La prima risultava, dalla documentazione sanitaria, persona invalida al 100% in quanto affetta da cecita' quasi totale ed impossibilitata ad essere autosufficiente, ma nel corso delle indagini condotte dalla Guardia di Finanza, che sta passando al setaccio, con la Procura, posizioni pensionistiche privilegiate sospette, i militari hanno scoperto che conduceva una vita normale ed assolutamente autosufficiente e non era affetta dal grave disturbo certificato: usciva di casa da sola a piedi o in bicicletta non accompagnata e si recava al lavoro con piena autonomia presso un ufficio di Busto Arsizio, ove, con la sua falsa infermita', le era stato assegnato, su richiesta, un posto di lavoro ''protetto'' in qualita' di centralinista.

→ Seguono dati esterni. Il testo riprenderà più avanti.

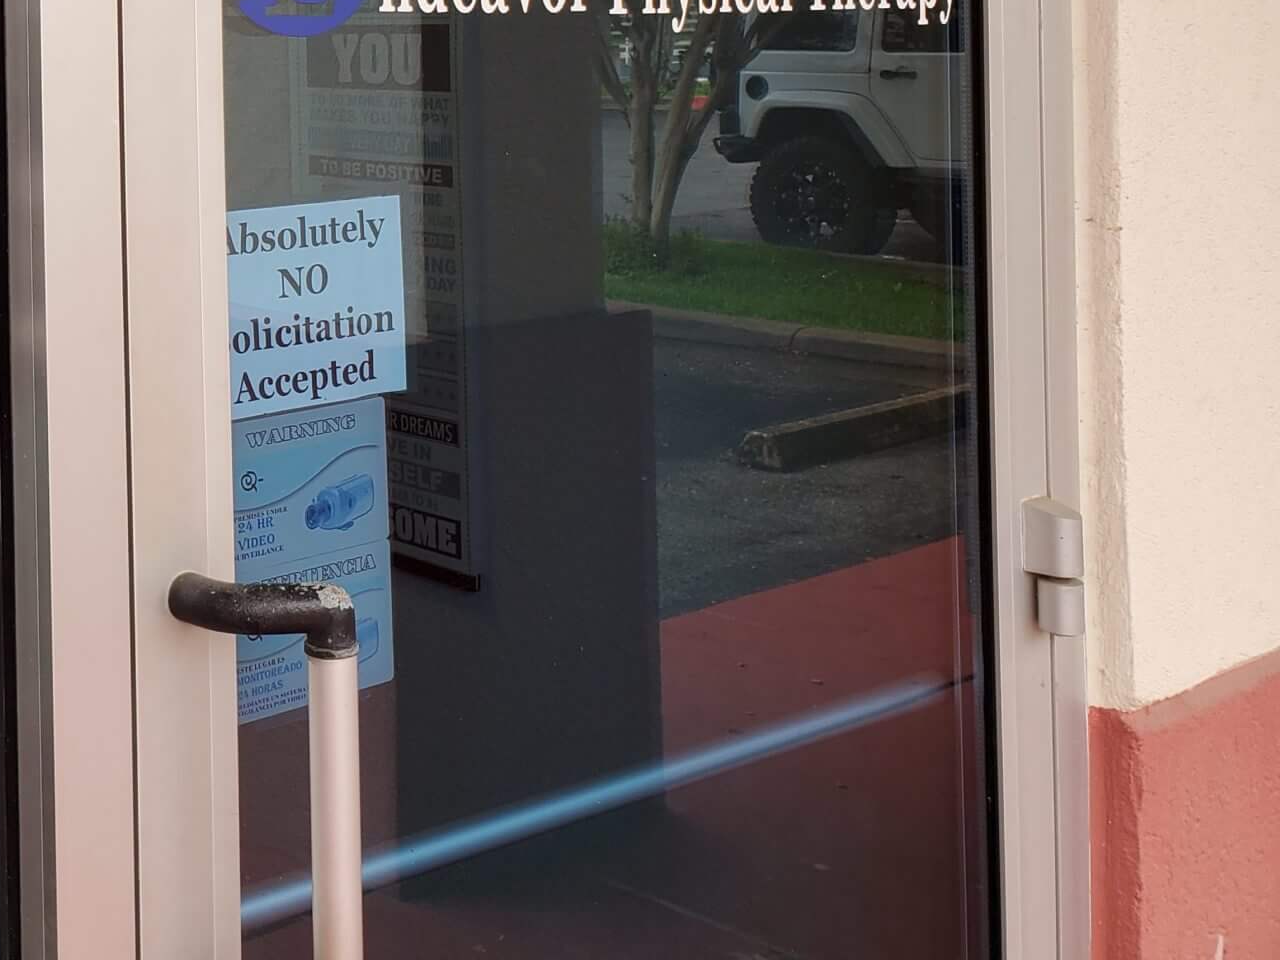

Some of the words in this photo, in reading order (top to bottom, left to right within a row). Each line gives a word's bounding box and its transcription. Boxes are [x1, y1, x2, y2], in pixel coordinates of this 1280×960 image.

Ed e' stato scoperto che la denunciata svolge anche altra attivita' di rappresentante legale di un centro analisi ove la stessa e' socia e dove svolge l'attivita' di amministrazione ed a contatto con il pubblico. I finanzieri l'hanno filmata mentre sbrigava normali attivita' allo sportello del centro analisi, mentre scriveva ed indicava ai clienti dove firmare sulle ricette mediche e nel mentre a piedi da sola si recava presso i luoghi, iperattiva e perfettamente abile anche se percepiva una indennita' di accompagnamento di circa 900 euro al mese.
Altro falso invalido dal 2006 percepiva circa 1.000 euro al mese di cui circa 500 di accompagnamento in quanto risultava ''immobilizzato e non autosufficiente'' ma di fatto se ne andava in giro a svolgere le varie incombenze familiari: e' stato, tra l'altro, ripreso nei vari momenti di vita quotidiana, da solo, mentre guida l'auto, si recava in lavanderia ed a svolgere altre normali, varie commissioni e perfino a svolgere lavori di giardinaggio.
Un terzo, asseritamente inabile al lavoro al 100%, e' invece risultato lavorare da tempo presso una societa' della vicina svizzera con la qualifica di meccanico di precisione e, quindi oltre a percepire dal dicembre 2008 ben1.300 euro di pensione di invalidita', prendeva anche un altro stipendio in Svizzera (circa 2.500 euro).
Il quarto anch'egli asseritamente inabile al lavoro al 100%, percependo quindi un assegno di invalidita' totale per 2.000 euro circa, e' risultato lavorare regolarmente, addirittura come magazziniere, in una ditta di Daverio (Varese). L'ultimo invalido e' una signora di Saronno che percepiva indebitamente una indennita' di accompagnamento pari a 500 euro mensili. filmata mentre da sola andava in giro per la citta' nello svolgimento di commissioni.
L'indagine, con la collaborazione dell'INPS, e' tuttora in corso e sono al vaglio ulteriori posizioni sospette ed il ruolo di taluni professionisti che hanno attestato le inesistenti infermita'; ad oggi, dall'inizio dell'indagine, sono in tutto 8 i falsi invalidi scoperti e denunciati, oltre ad altre 4 persone a titolo di concorso nella truffa, e recuperate indebite erogazioni di contributi per le invalidita' per oltre 520mila euro.